Your task: Give back the entries that follow exactly as written. Any picture gets left out.

━━ Dataset records ━━

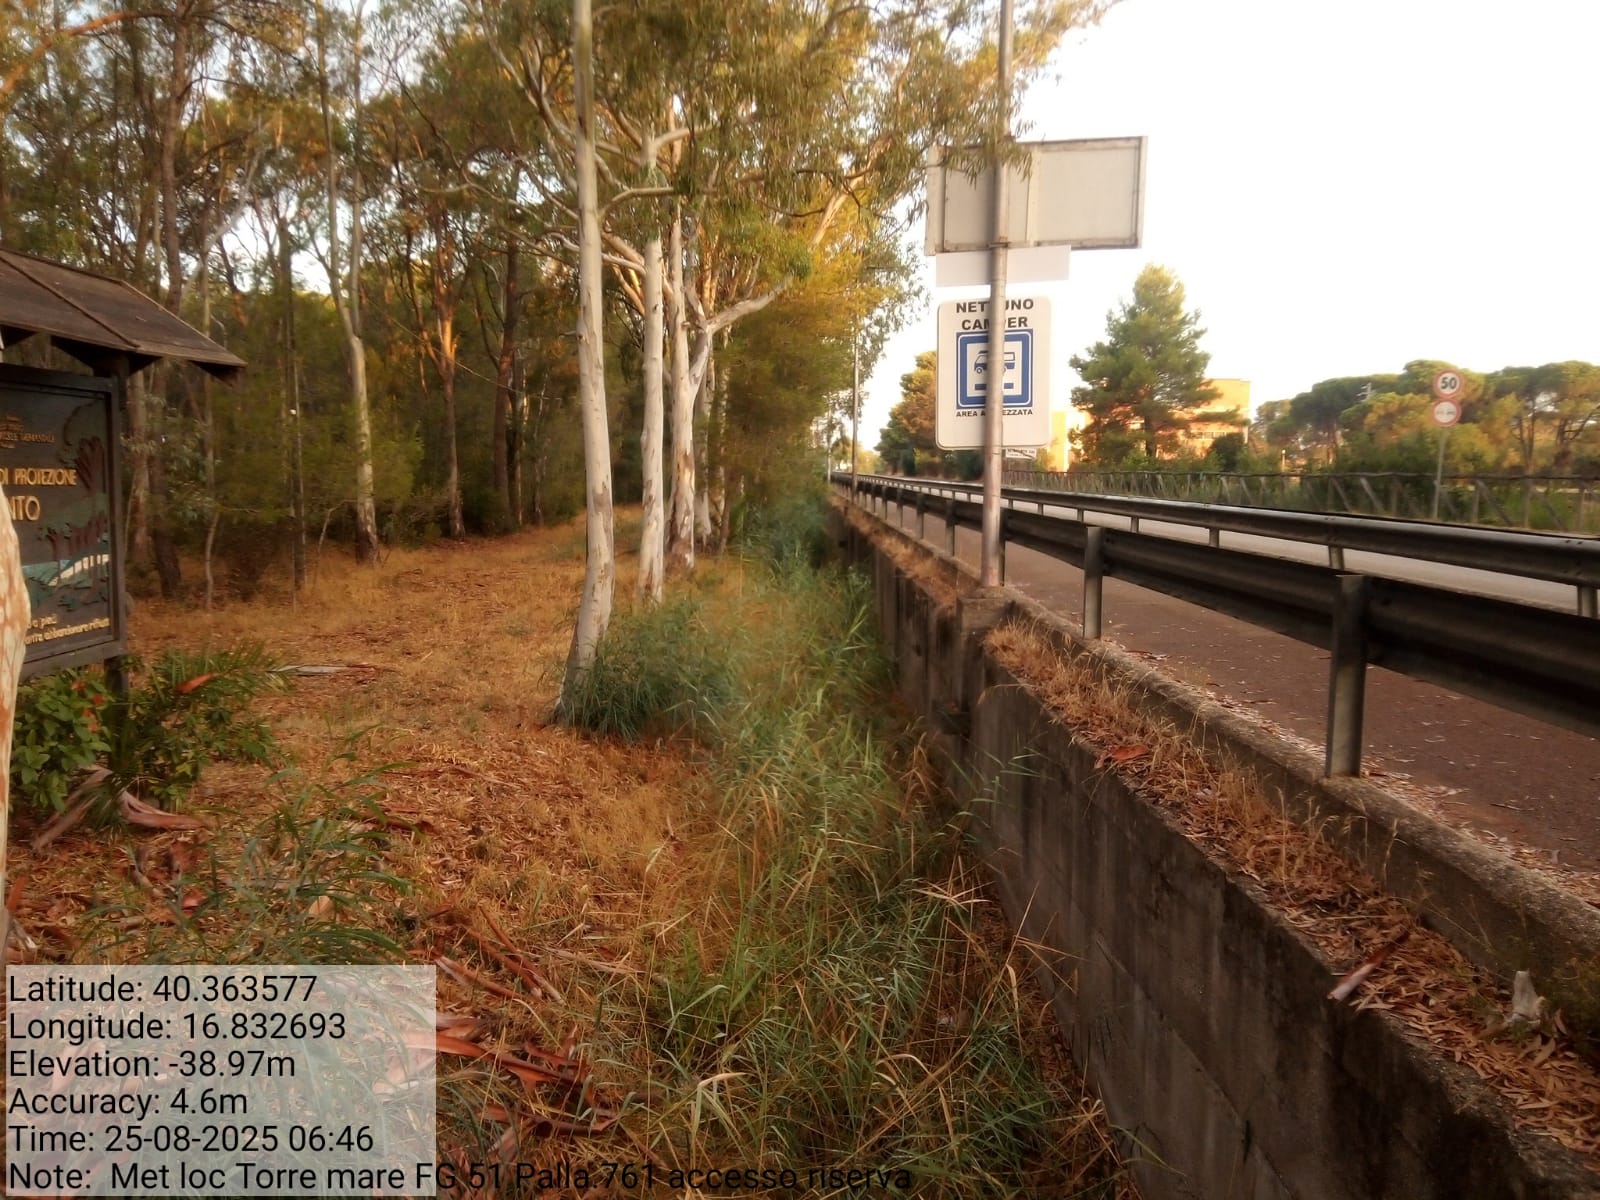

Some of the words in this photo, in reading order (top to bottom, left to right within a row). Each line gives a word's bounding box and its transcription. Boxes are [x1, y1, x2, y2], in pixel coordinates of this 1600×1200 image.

[956, 298, 1034, 313] NETNO
[961, 316, 1028, 330] CAER
[1440, 376, 1457, 390] 50
[14, 467, 77, 486] PROTEZIONE
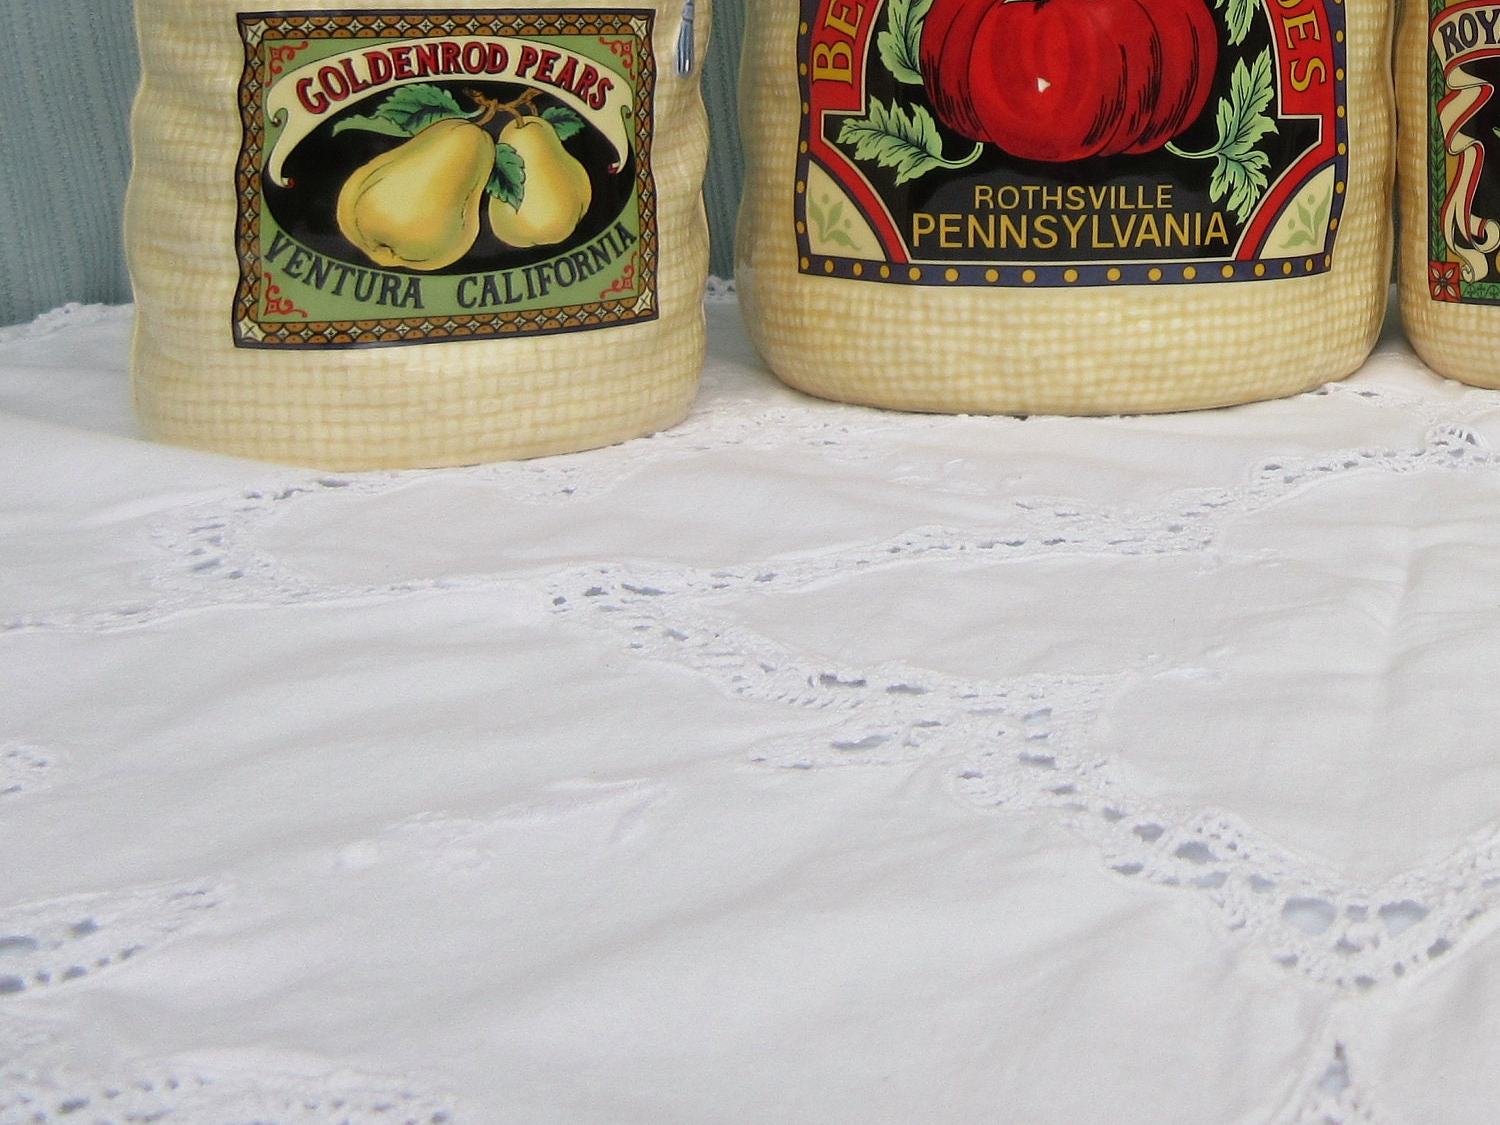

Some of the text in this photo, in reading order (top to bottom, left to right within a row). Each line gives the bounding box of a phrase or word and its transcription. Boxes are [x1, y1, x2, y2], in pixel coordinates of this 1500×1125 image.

[295, 41, 615, 115] GOLDENROD PEARS
[973, 184, 1173, 210] ROTHSVILLE
[911, 212, 1230, 250] PENNSYLVANIA
[263, 221, 638, 310] VENTURA CALIFORNIA

━━━

Output below:
Some of the words in this photo, in reading order (top to bottom, left to right within a row). Each line gives a word's bounding box and its transcription. Boxes are [x1, y1, x2, y2], in pixel coordinates of this 1600×1200 image.

[956, 298, 1034, 313] NETNO
[961, 316, 1028, 330] CAER
[1440, 376, 1457, 390] 50
[14, 467, 77, 486] PROTEZIONE

Some of the text in this photo, in reading order (top to bottom, left to right within a row). Each line gives the bounding box of a phrase or word and its transcription. Boxes are [x1, y1, x2, y2], in pixel coordinates of this 1500×1125 image.

[295, 41, 615, 115] GOLDENROD PEARS
[973, 184, 1173, 210] ROTHSVILLE
[911, 212, 1230, 250] PENNSYLVANIA
[263, 221, 638, 310] VENTURA CALIFORNIA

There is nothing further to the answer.